So much for the book, even though I do like Murakami's writing ( or at least its translation)


Friday, August 30, 2013

Madras Cafe - Shoojit Sircar

Had gone in with zero expectations.. ( if anything, with negative ones, thinking perhaps it would be like ek tha tiger or something). So overall was pleasantly surprised.

Its mostly a somewhat simplified story of the LTTE, Prabhakaran and culminated with the Rajiv Gandhi assasination.

Its a strangely uneven movie though.. some pretty bad acting and scenes that could've just been chopped off. A strange and convoluted story.. unnecessarily vague. Nargis Fakhri, gaah the woman just makes me want to slit her throat, even in the very few scenes that she's there.. The unnecessarily Arun Govilish smile of the guy playing Rajiv Gandhi and the constant hero - worshipping.

But overall , its still a decent watch, specially the second half which picks up considerably pace, even though the story is hopelessly lost and muddled by then. It also does try to avoid too much simplification in terms of heroes and villains, although a bit more nuanced background of the causes of the strife, and Indian's own ambiguous role might have served the story better than the silly wife. I did love the unexpected cast members though, Siddharth Basu, Dibang, Prakash Belawadi.

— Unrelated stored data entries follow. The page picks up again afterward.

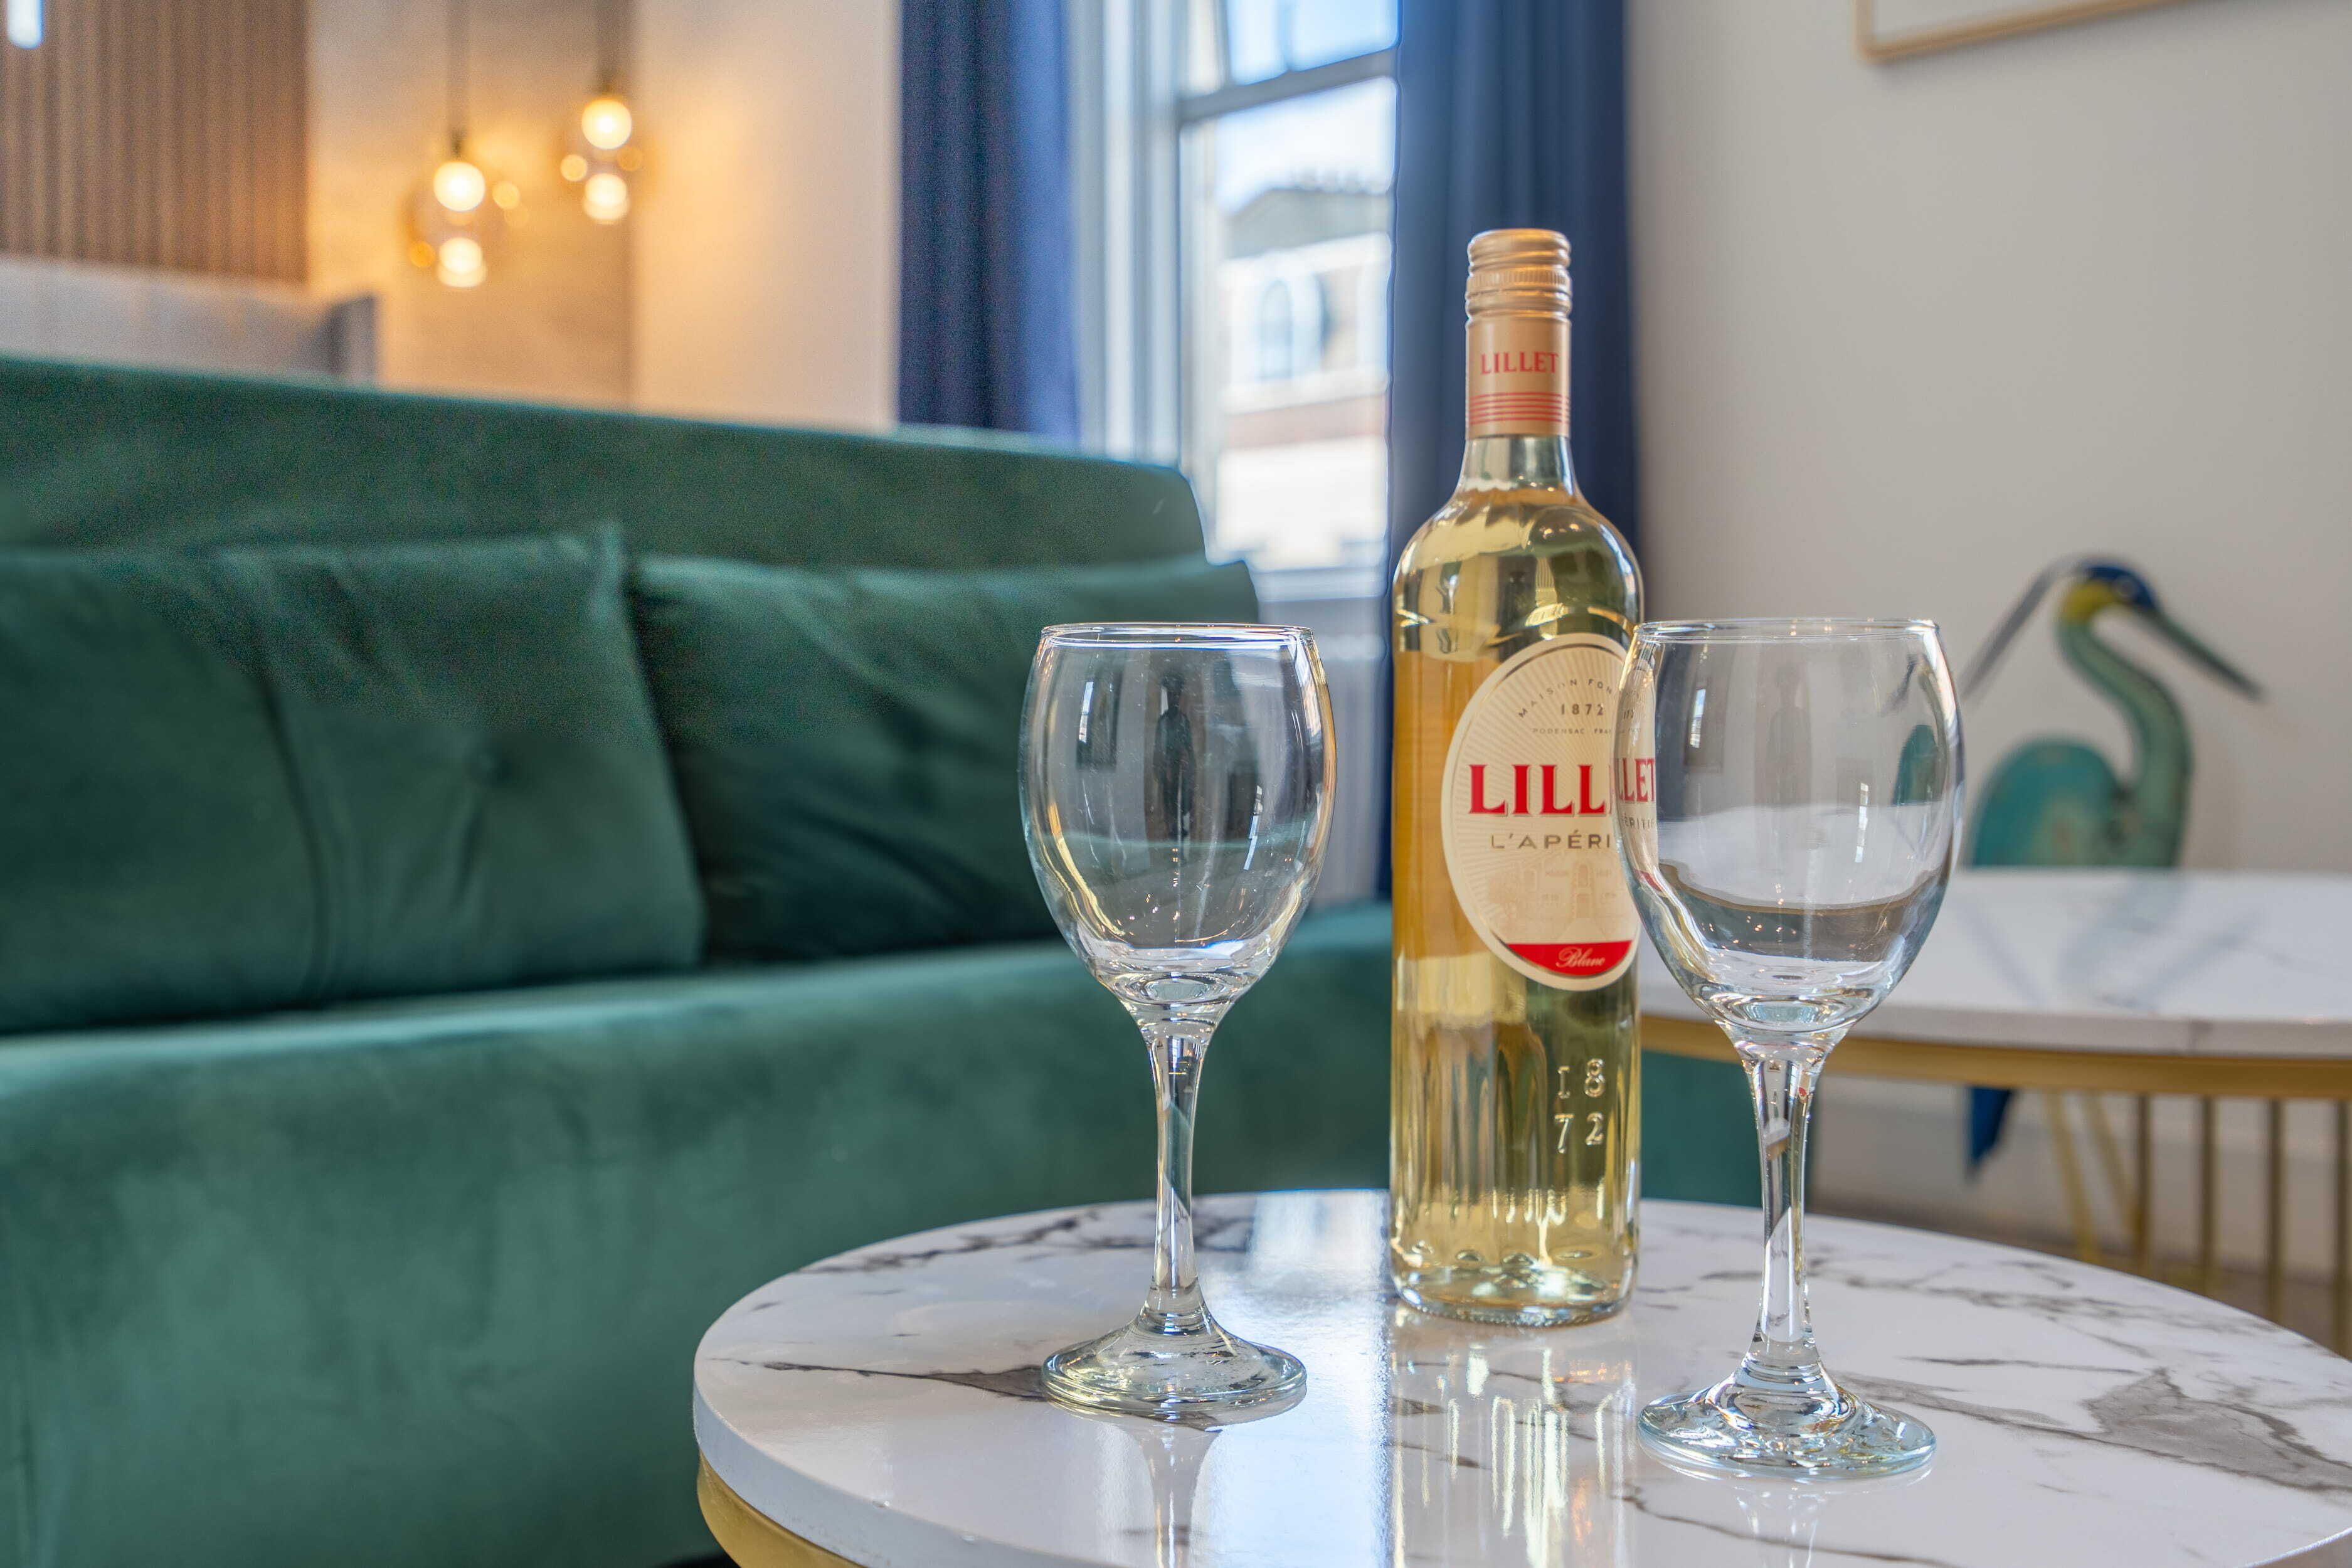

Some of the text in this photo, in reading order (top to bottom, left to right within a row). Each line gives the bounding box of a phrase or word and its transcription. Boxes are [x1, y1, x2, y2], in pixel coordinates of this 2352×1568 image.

[1481, 351, 1558, 374] LILLET
[1518, 679, 1577, 718] MAISON
[1560, 703, 1604, 716] 1872
[1468, 764, 1611, 815] LILL
[1555, 946, 1606, 968] Blanc
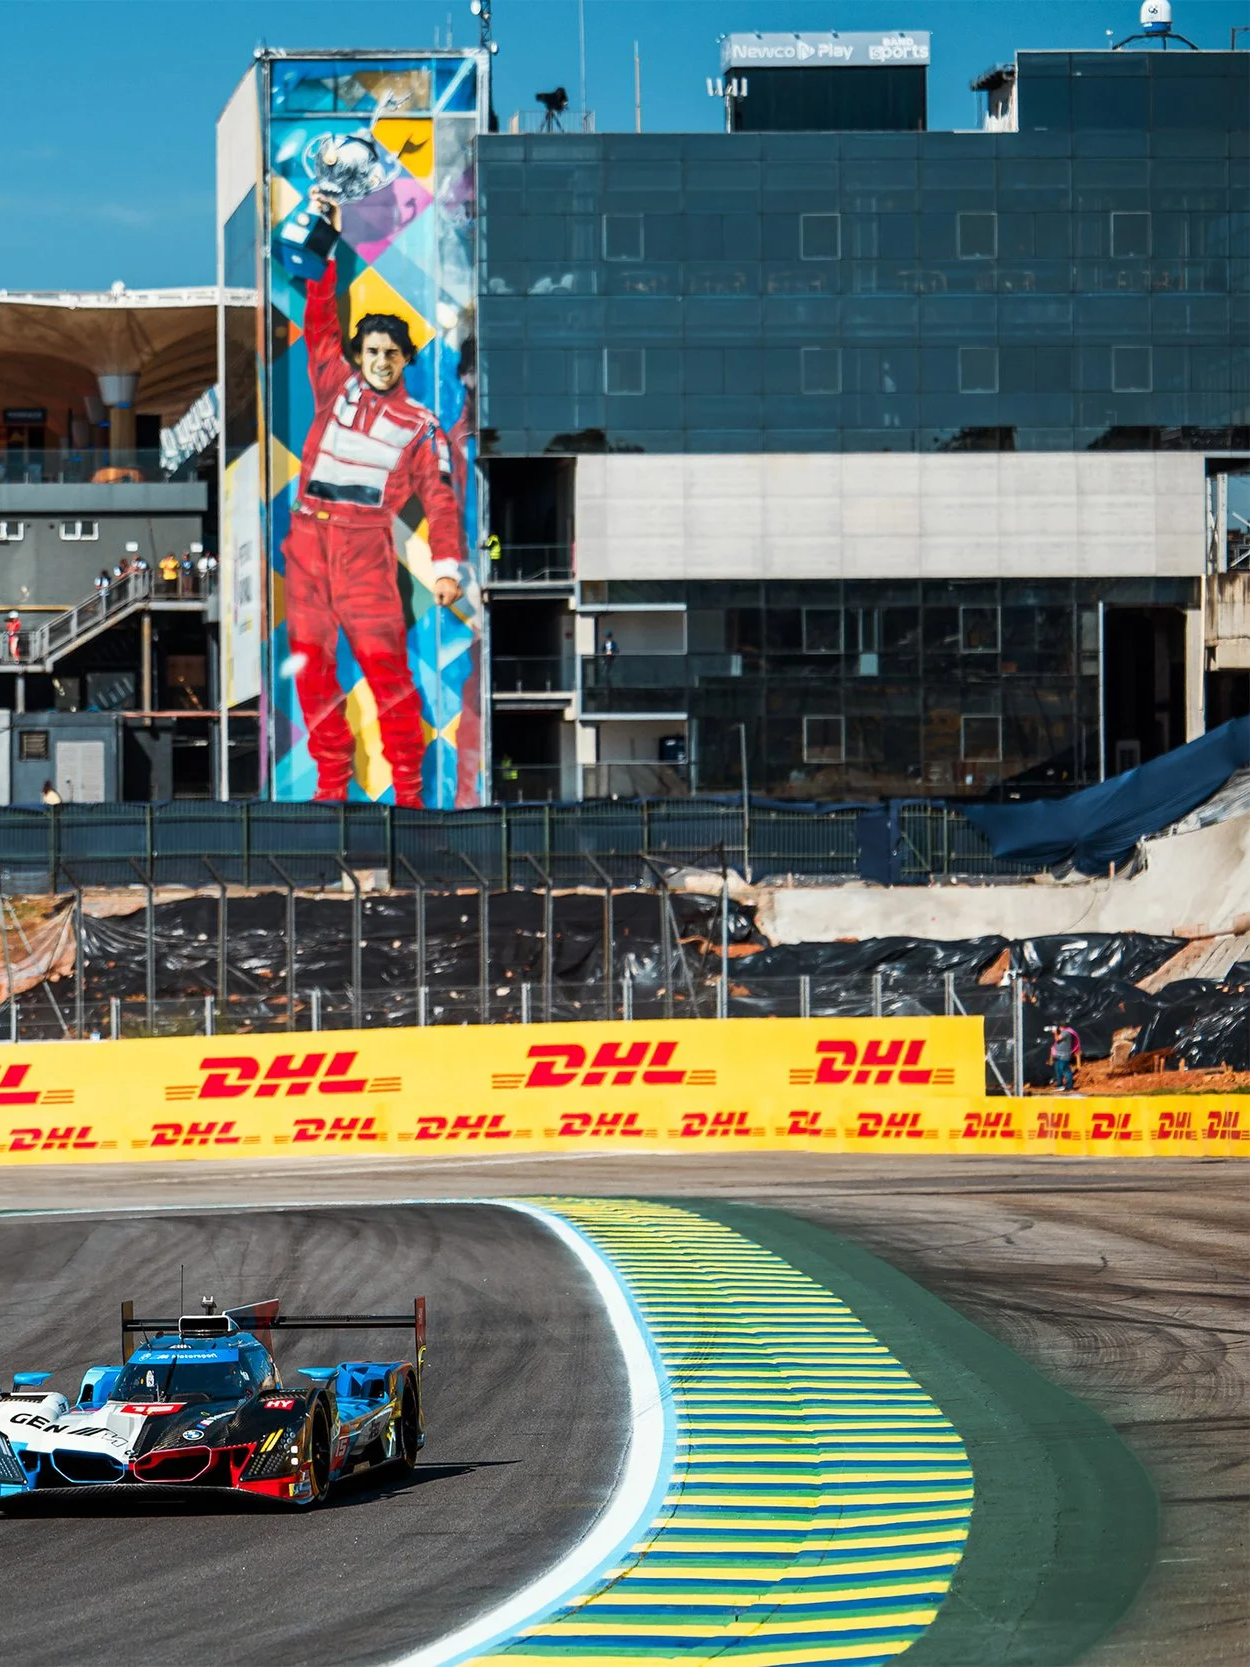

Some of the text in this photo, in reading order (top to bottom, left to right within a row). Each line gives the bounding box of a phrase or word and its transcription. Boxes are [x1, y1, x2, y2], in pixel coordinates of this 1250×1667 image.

Not sure if its worth a watch overall.. maybe just barely if you are prepared for its unevenness.


Sunday, August 25, 2013

Before Midnight - Richard Linklater

Was nice in parts but didn't leave the overwhelming love I had for the previous two.

Mostly because I just couldn't identify with Julie. Sure I was rooting for some of the lines, (wiping the toilet seat comes to mind!) and yet she just seemed too contradictory, and Ethan not self absorbed enough, assuming that those were the two stereotypes the movie was aiming for.

But mostly I just felt like giving her a hard shake during the crucial final argument. She was far too unreasonable. Ethan was far too reasonable. I also couldn't get over the fact that Ethan looks old , while Julie doesn't look old enough. I do realise that it just me, since there's not a single review out there which says that. Sigh I've heard this a lot lately.. I'm wierd!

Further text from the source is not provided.